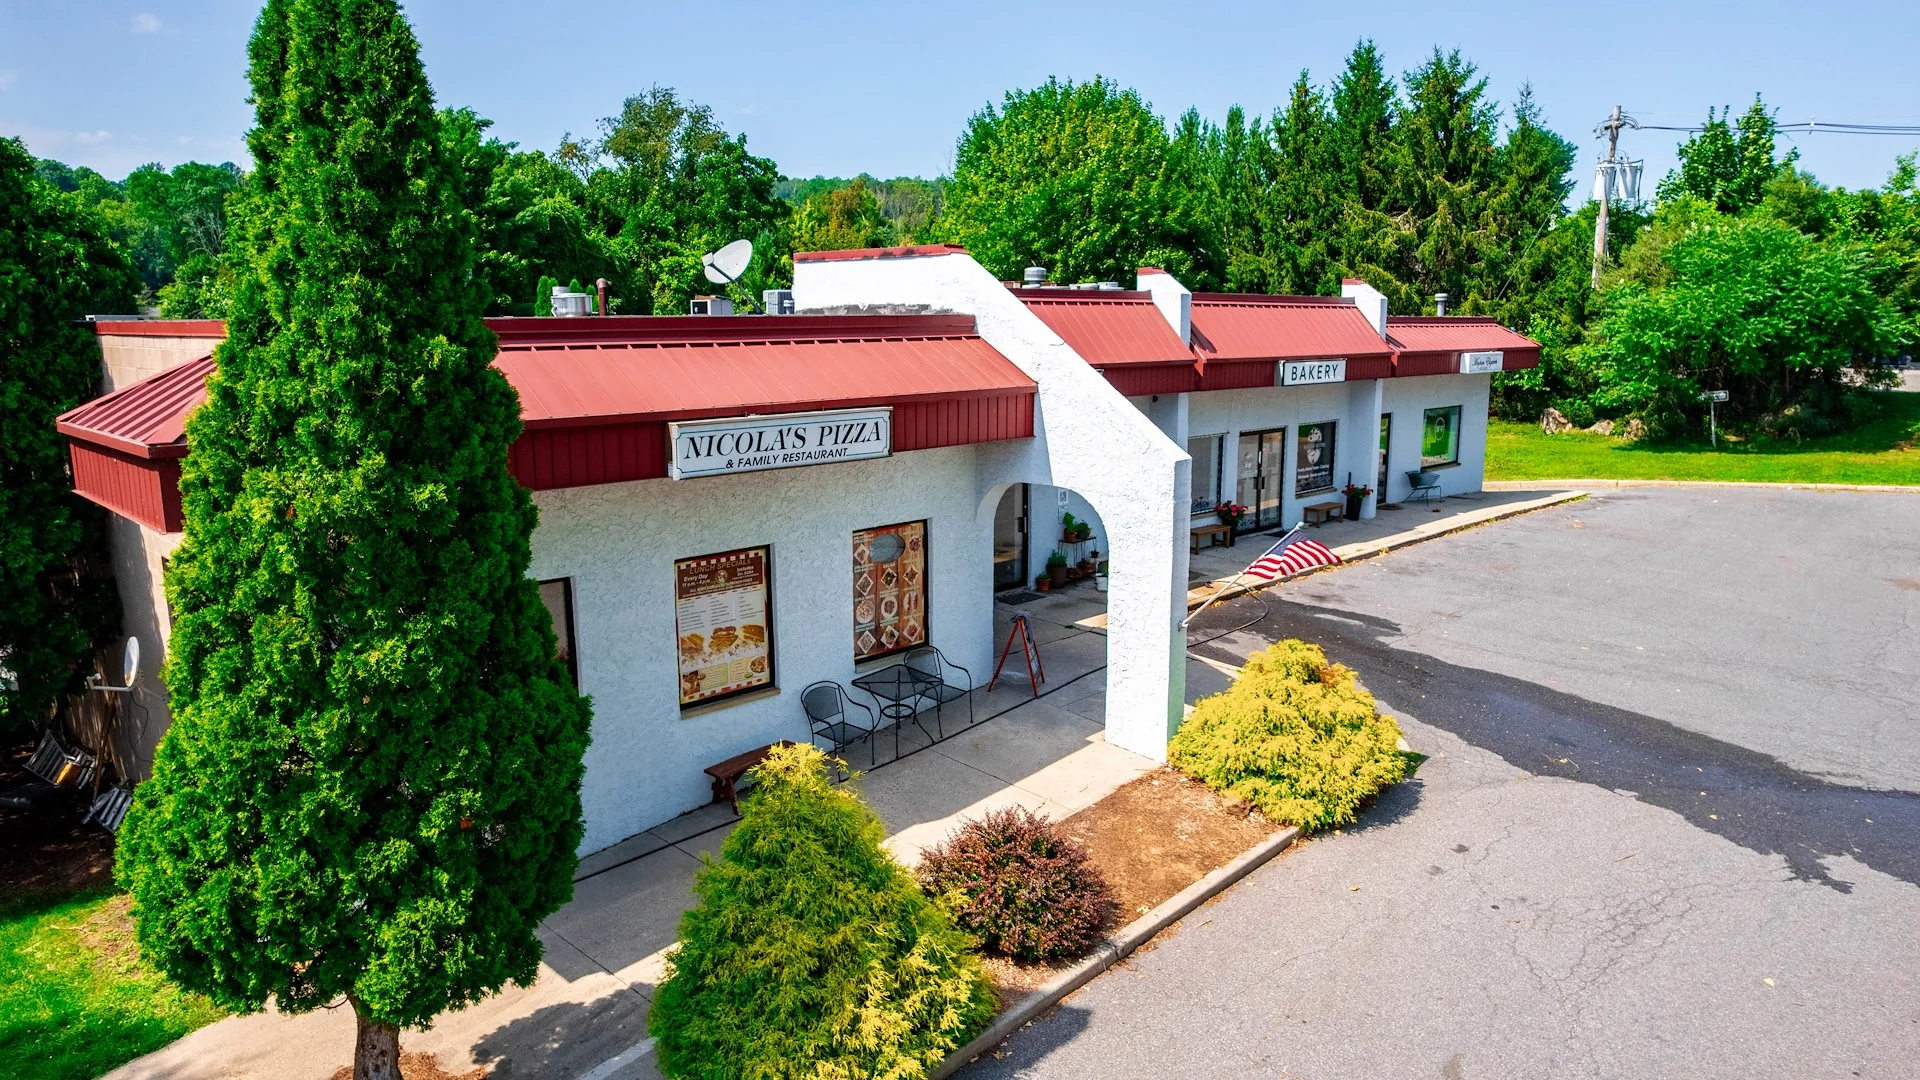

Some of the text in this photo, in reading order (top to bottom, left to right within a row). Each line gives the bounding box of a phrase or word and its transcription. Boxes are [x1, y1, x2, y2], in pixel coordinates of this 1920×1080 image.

[1291, 364, 1338, 381] BAKERY
[685, 421, 882, 459] NICOLA'S PIZZA
[725, 447, 849, 469] & FAMILY RESTAURANT
[690, 559, 751, 574] LUNCH SPECIALS
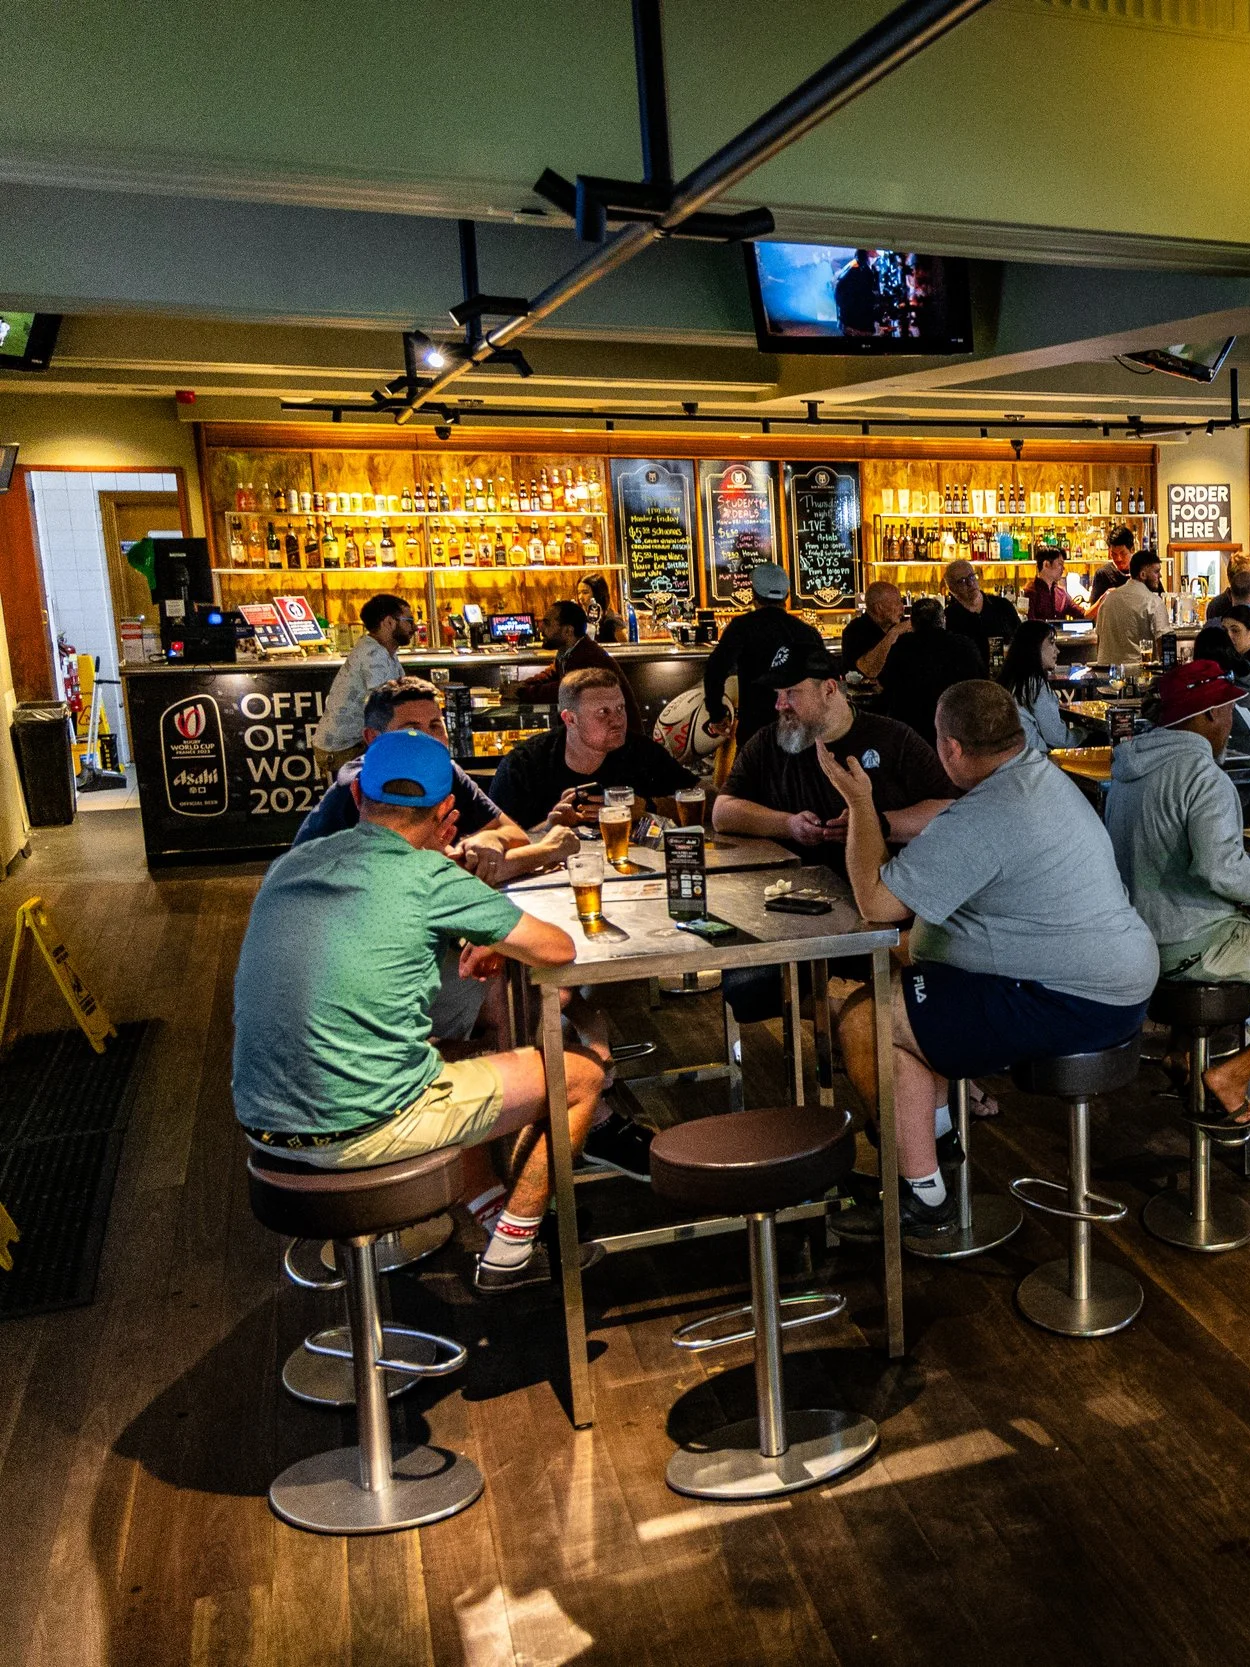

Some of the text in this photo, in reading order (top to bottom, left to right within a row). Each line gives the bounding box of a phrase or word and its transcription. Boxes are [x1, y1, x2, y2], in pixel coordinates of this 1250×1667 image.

[1170, 485, 1229, 502] ORDER
[1171, 504, 1220, 520] FOOD
[799, 520, 826, 532] LIVE
[1170, 521, 1214, 538] HERE
[240, 691, 324, 720] OFFI
[243, 724, 295, 752] OF
[173, 767, 219, 787] Asahi
[912, 974, 927, 1004] FILA

|---|

**ASSIGNMENT:** Only the lines from the one containing "this 1250×1667 image." through the end of the data above are wanted, both ends included; restate them word for word.

**ANSWER SPACE:**
Some of the text in this photo, in reading order (top to bottom, left to right within a row). Each line gives the bounding box of a phrase or word and its transcription. Boxes are [x1, y1, x2, y2], in pixel coordinates of this 1250×1667 image.

[1170, 485, 1229, 502] ORDER
[1171, 504, 1220, 520] FOOD
[799, 520, 826, 532] LIVE
[1170, 521, 1214, 538] HERE
[240, 691, 324, 720] OFFI
[243, 724, 295, 752] OF
[173, 767, 219, 787] Asahi
[912, 974, 927, 1004] FILA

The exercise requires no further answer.